▶ _Task to complete_:
Copy task. Retype the whole listing exactly, omitting any picture in it.

======

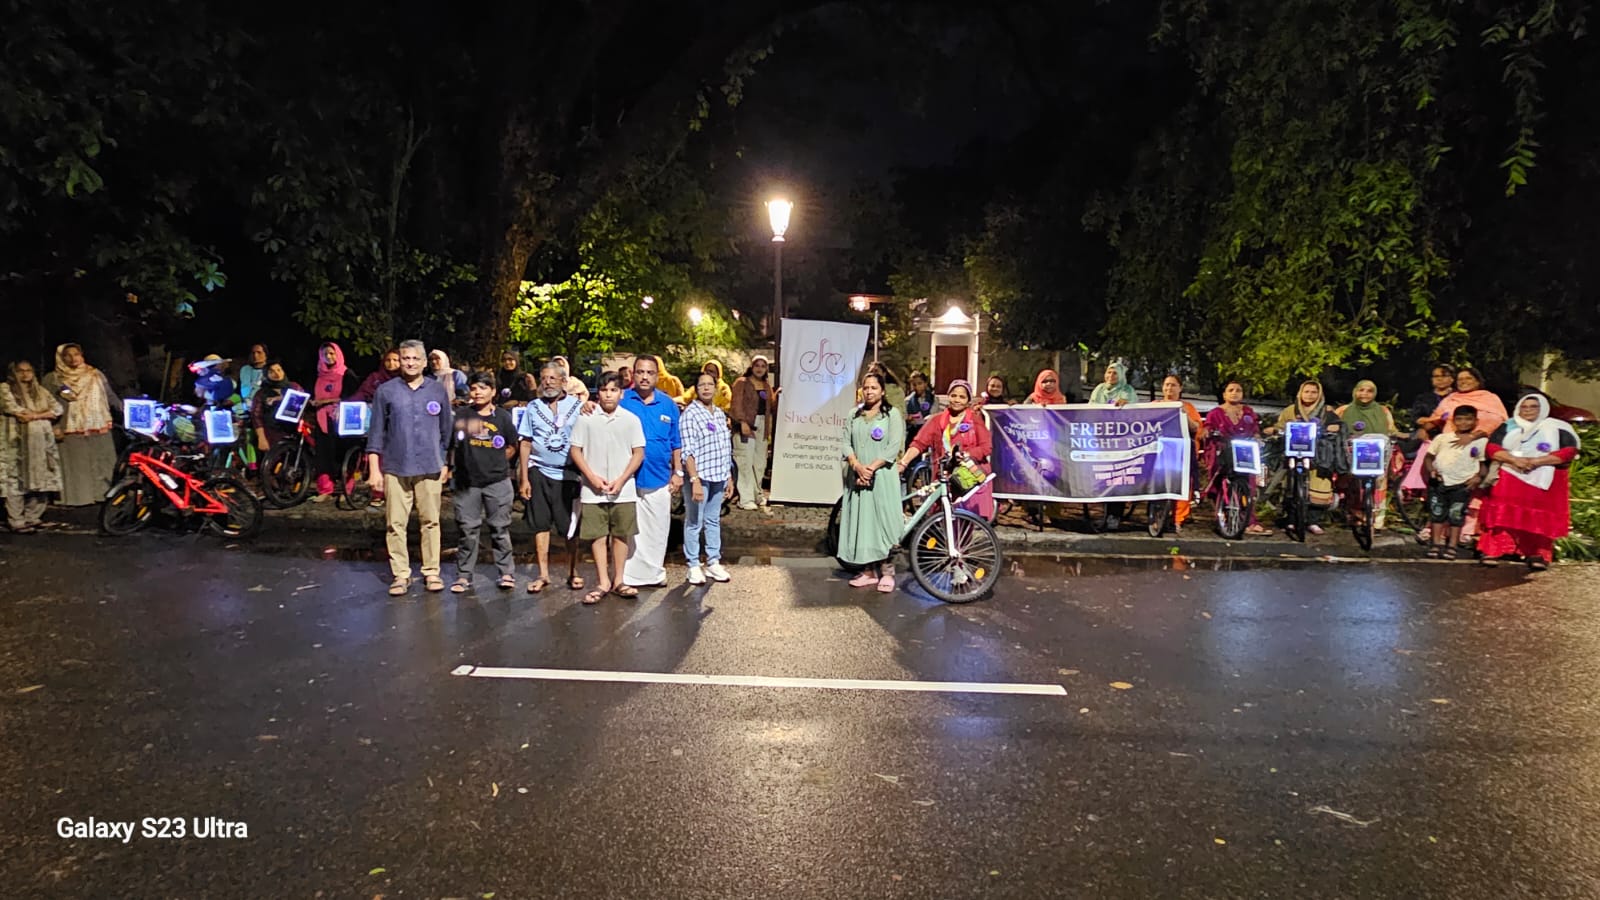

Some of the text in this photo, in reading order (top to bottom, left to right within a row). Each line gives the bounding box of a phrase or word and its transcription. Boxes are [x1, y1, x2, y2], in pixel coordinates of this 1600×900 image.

[798, 372, 845, 385] CYCLING
[784, 411, 848, 427] She Cyclin
[1009, 422, 1040, 431] WOMEN
[1070, 421, 1162, 436] FREEDOM
[794, 433, 818, 441] Bicycle
[793, 442, 829, 452] Campaign
[1070, 437, 1120, 449] NIGHT
[783, 452, 808, 460] Women
[795, 462, 833, 471] BYCS INDIA

======

▶ _Answer box_:
Some of the text in this photo, in reading order (top to bottom, left to right within a row). Each line gives the bounding box of a phrase or word and its transcription. Boxes are [x1, y1, x2, y2], in pixel coordinates of this 1600×900 image.

[798, 372, 845, 385] CYCLING
[784, 411, 848, 427] She Cyclin
[1009, 422, 1040, 431] WOMEN
[1070, 421, 1162, 436] FREEDOM
[794, 433, 818, 441] Bicycle
[793, 442, 829, 452] Campaign
[1070, 437, 1120, 449] NIGHT
[783, 452, 808, 460] Women
[795, 462, 833, 471] BYCS INDIA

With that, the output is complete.